I have my own traditions with my children - had, really, since we seem to have lost something in recent years. Setting up the tree, giggling over the old ornaments the kids made when they were little, opening gifts one at a time, disguising and hiding presents. The year I scraped together enough money to buy them a Sega Genesis, I hid it in the basement of the house we lived in. Then I stuck an envelope in the tree for them. After all the gifts were opened, and I could see the kids trying not to be too disappointed over the lack of a game system, I said I thought they had overlooked a gift. I had to direct them back to the tree, then laughed with pure delight as they followed clues that took them all over the house on a Christmas Scavenger Hunt.

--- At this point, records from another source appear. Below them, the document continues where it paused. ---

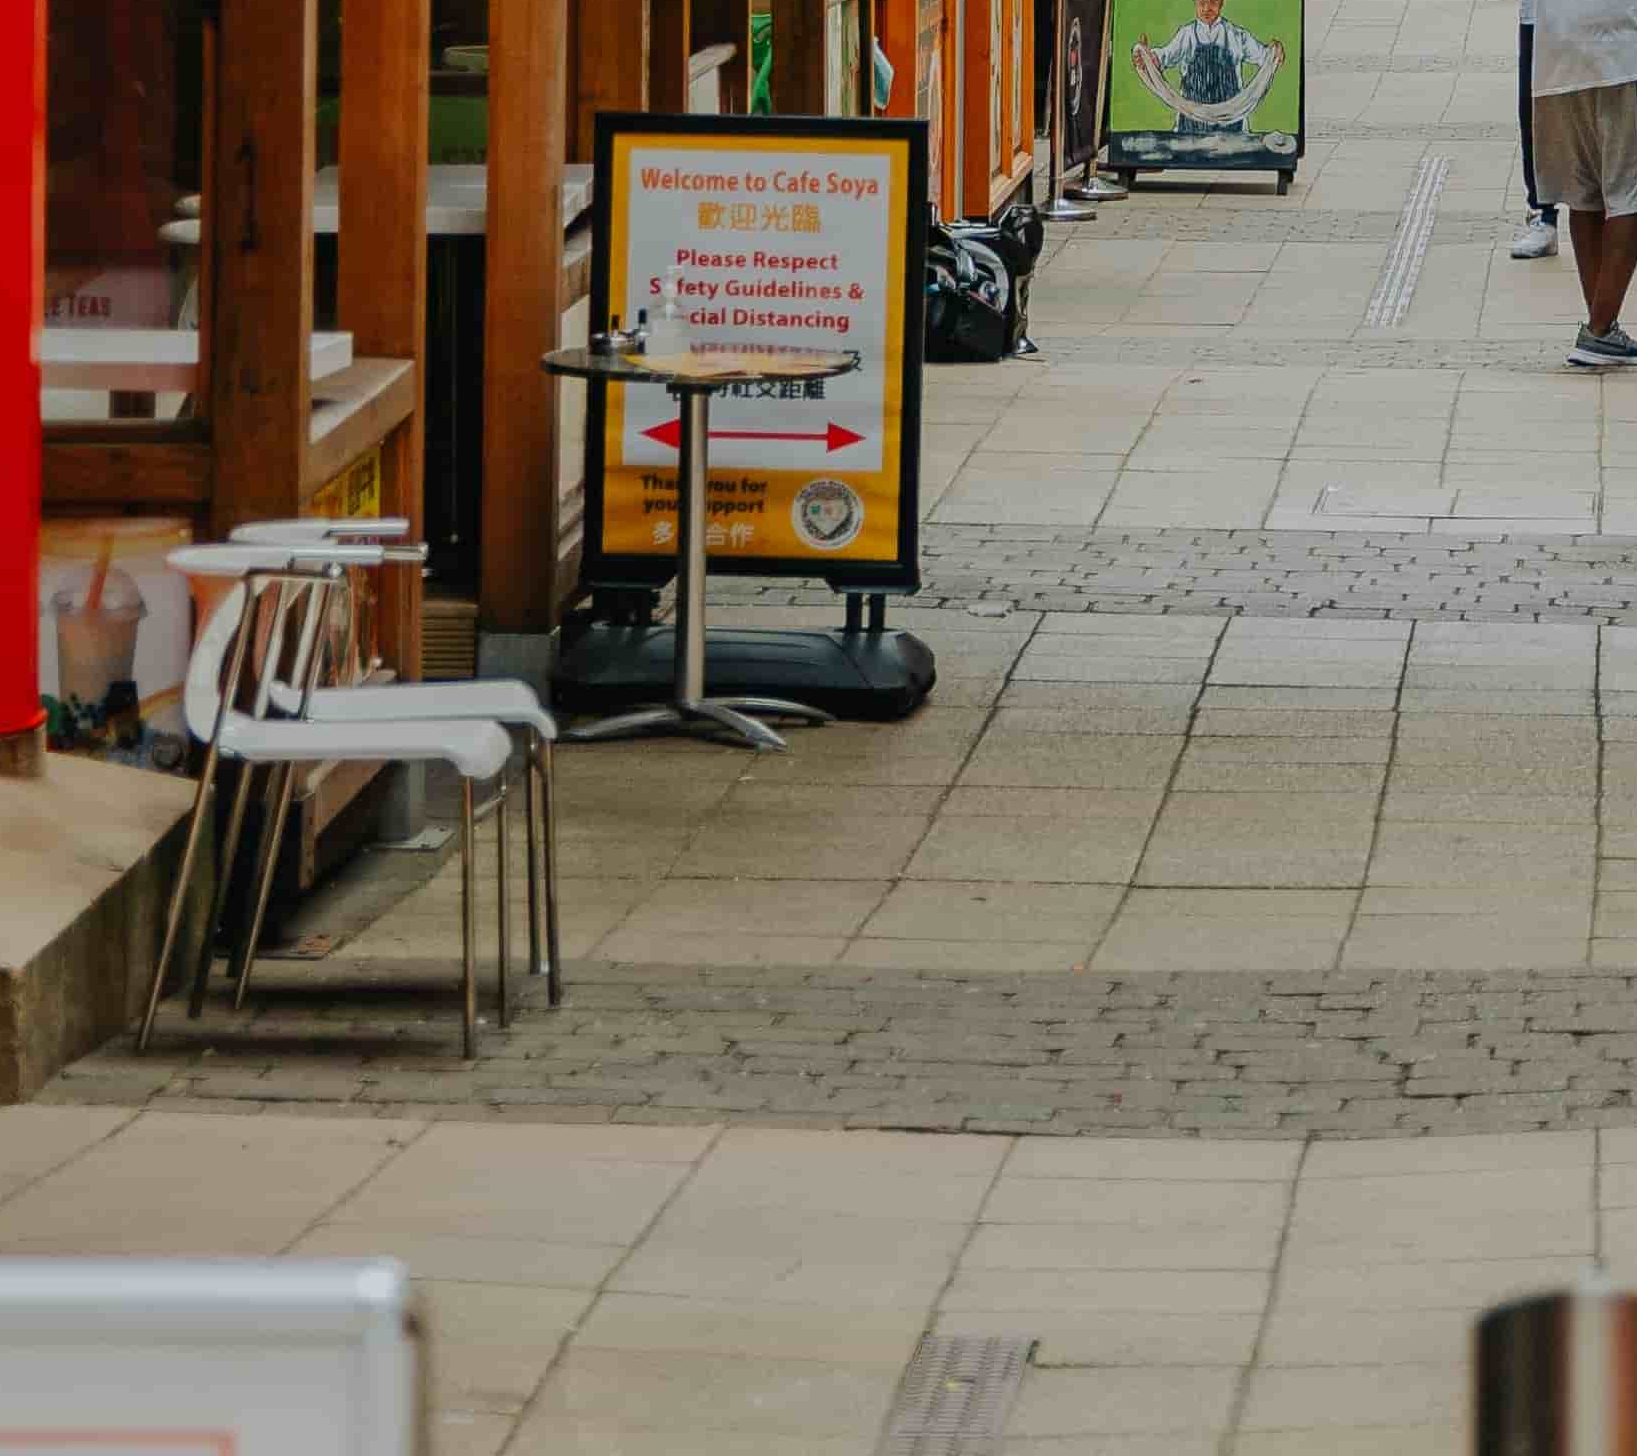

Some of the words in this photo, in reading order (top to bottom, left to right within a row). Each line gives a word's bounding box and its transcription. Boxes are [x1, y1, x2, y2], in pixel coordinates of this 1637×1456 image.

[640, 167, 739, 191] Welcome
[744, 172, 767, 192] to
[772, 170, 821, 194] Cafe
[826, 172, 879, 201] Soya
[697, 200, 822, 233] 歡迎光臨
[676, 248, 747, 268] Please
[753, 250, 839, 273] Respect
[649, 276, 720, 301] Sfety
[724, 279, 843, 300] Guidelines
[847, 283, 865, 300] &
[732, 308, 850, 333] Distancing
[643, 498, 680, 514] you
[652, 520, 756, 548] 多合作

I think the most important thing I taught the kids was that Christmas is more than a day, it is a feeling in our hearts. As the big kids had gotten older when I was growing up, they were not always able to come home on the 25th, so we had Early Christmas or Late Christmas, depending. After I was married and living in the USA, we continued that tradition. We would go home for Christmas - the kids and I did anyway - but I would put on a Christmas meal for the single men on my ex-husband's fire team. Usually it was on the 23rd, and I would cook a turkey with all the fixins, and have gifts for them all. Never anything big - we were not well paid - but something small that meant something to each of them. They loved it, and so did the kids. A couple of years after my divorce, I started doing that with my
friends from university, inviting them over for an early Christmas and continuing the ritual.
I love Christmas, even though it is a sad time of year for me now. I miss all those traditions, and for several years did nothing much at all at Christmas. I bought a small tree yesterday, a four footer. I am about to decorate it. Heaven help us all *L*.